If noise is weak, the neurons behave regularly and similar to each other (A). For optimal noise strength, the neuronal population follows the signal best (B). If the noise is too strong, the information about the signal gets drowned out (C). D: Example coding fraction curve over the strength of the noise. Marked in red are the noise strengths from which the examples were taken.}
\label{example_spiketrains}
\end{figure}

\subsection{Analysis} \label{Analysis}
For each combination of parameters, a histogram of the output spikes from all neurons or a subset of the neurons was created.
The coherence $C(f)$ was calculated \citep{lindner2016mechanisms} in frequency space as the fraction between the squared cross-spectral density $|S_{sx}^2|$ of input signal $s(t) = \sigma I_{t}$ and output spikes x(t), $S_{sx}(f) = \mathcal{F}\{ s(t)*x(t) \}(f) $, divided by the product of the power spectral densities of input ($S_{ss}(f) = |\mathcal{F}\{s(t)\}(f)|^2 $) and output ($S_{xx}(f) = |\mathcal{F}\{x(t)\}(f)|^2$), where $\mathcal{F}\{ g(t) \}(f)$ is the Fourier transform of g(t).
\begin{equation}C(f) = \frac{|S_{sx}(f)|^2}{S_{ss}(f) S_{xx}(f)}\label{coherence}\end{equation} 

 The coding fraction $\gamma$ \citep{gabbiani1996codingLIF, krahe2002stimulus} quantifies how much of the input signal can be reconstructed by an optimal linear decoder. It is 0 in case the input can't be reconstructed at all and 1 if the signal can be perfectly reconstructed\citep{gabbiani1996stimulus}. 
 It is defined by the reconstruction error $\epsilon^2$ and the variance of the input $\sigma^2$:

\begin{equation}\gamma = 1-\sqrt{\frac{\epsilon^2}{\sigma^2}}.\label{coding_fraction}\end{equation}


The variance is 
\begin{equation}\sigma^2  = \langle \left(s(t)-\langle s(t)\rangle\right)^2\rangle =  \int_{f_{low}}^{f_{high}} S_{ss}(f) df .\end{equation}

The reconstruction error is defined as

\begin{equation}\epsilon^2 = \langle \left(s(t) - s_{est}(t)\right)^2\rangle = \int_{f_{low}}^{f_{high}} S_{ss} - \frac{|S_{sx}|^2}{S_{xx}} = \int_{f_{low}}^{f_{high}} S_{ss}(f) (1-C(f)) df\end{equation} 
with the estimate $s_{est}(t) = h*x(t)$. $h$ is the optimal linear filter which has Fourier Transform $H = \frac{S_{sx}}{S_{xx}}$\citep{gabbiani1996coding}. 

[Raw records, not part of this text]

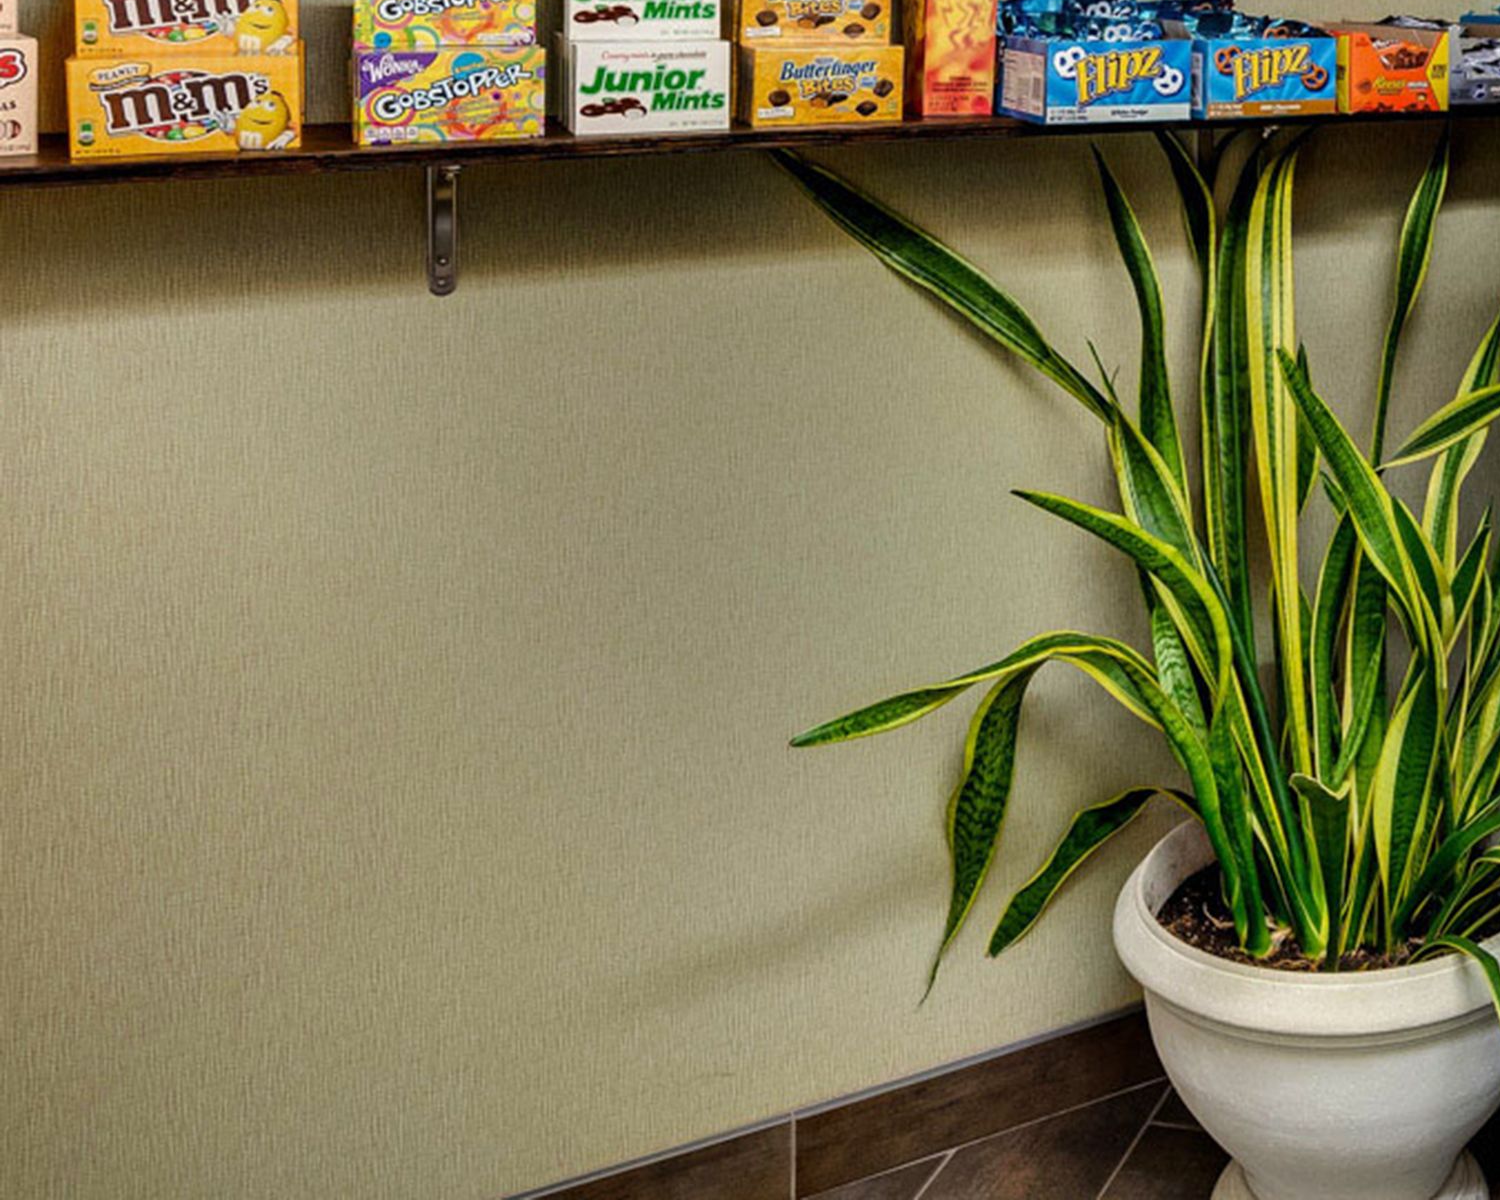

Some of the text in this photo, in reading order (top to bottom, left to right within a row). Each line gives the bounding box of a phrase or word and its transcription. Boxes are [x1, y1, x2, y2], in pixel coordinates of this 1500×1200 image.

[643, 0, 716, 20] Mints
[97, 65, 141, 82] PEANUT
[580, 63, 706, 94] Junior
[780, 60, 877, 82] Butterfinger
[1074, 45, 1163, 107] Flipz
[1234, 44, 1312, 100] Flipz
[652, 91, 726, 112] Mints

We then analyzed coding fraction as a function of these cutoff frequencies for different parameters (noise strength, signal amplitude, signal mean/firing rate) in the limit of large populations.
The limit was considered reached if the increase in coding fraction gained by doubling the population size is small (4\%)(??). 
For the weak signals ($\sigma = 0.1mV$) combined with the strongest noise ($D = 10^{-3} \frac{mV^2}{Hz}$), convergence was not reached for a population size of 2048 neurons for both threshold values. The same is true for the combination of the weak signal, close to the threshold ($\mu = 10.5mV$) and high frequencies (200Hz). 

\begin{figure}
\centering
\includegraphics[width=0.69\linewidth]{{img/broad_coherence_15.0_1.0_paired}.pdf}
\caption{Coherence for a signal with $f_{cutoff} = 200\,Hz$. Coherence for a small and a large population, each at weak and strong noise values. For weak noise, the curves are indistinguishable from one another. For strong noise an increase in population size allows much better reconstruction of the input. For the small population size weak noise in the simulated neurons allows for better signal reconstruction. The line marks the average firing rate (about \(91\,Hz\)) of the neurons in the population.}
\label{CodingFrac}
\end{figure}


\subsection{Simulations with more neurons}

\subsection{Noise makes neurons' responses different from each other}
If noise levels are low (fig. \ref{example_spiketrains} a)), neurons within a population with behave very similarly to each other. There is little variation in the spike responses of the neurons to a signal, and recreating the signal is difficult. If the strength of the noise is increasing, at some point the coding fraction will also begin increasing. The signal recreation will become better as the responses of the different neurons begin to deviate from each other. When noise strength is increased even further at some point a peak coding fraction is reached. This point is the optimal noise strength for the given parameters (fig. \ref{example_spiketrains} b)). If the strength of the noise is increased beyond this point, the responses of the neurons will be determined more by random fluctuations and less by the actual signal, making reconstruction more difficult (fig. \ref{example_spiketrains} c)). At some point, signal encoding breaks down completely and coding fraction goes to 0.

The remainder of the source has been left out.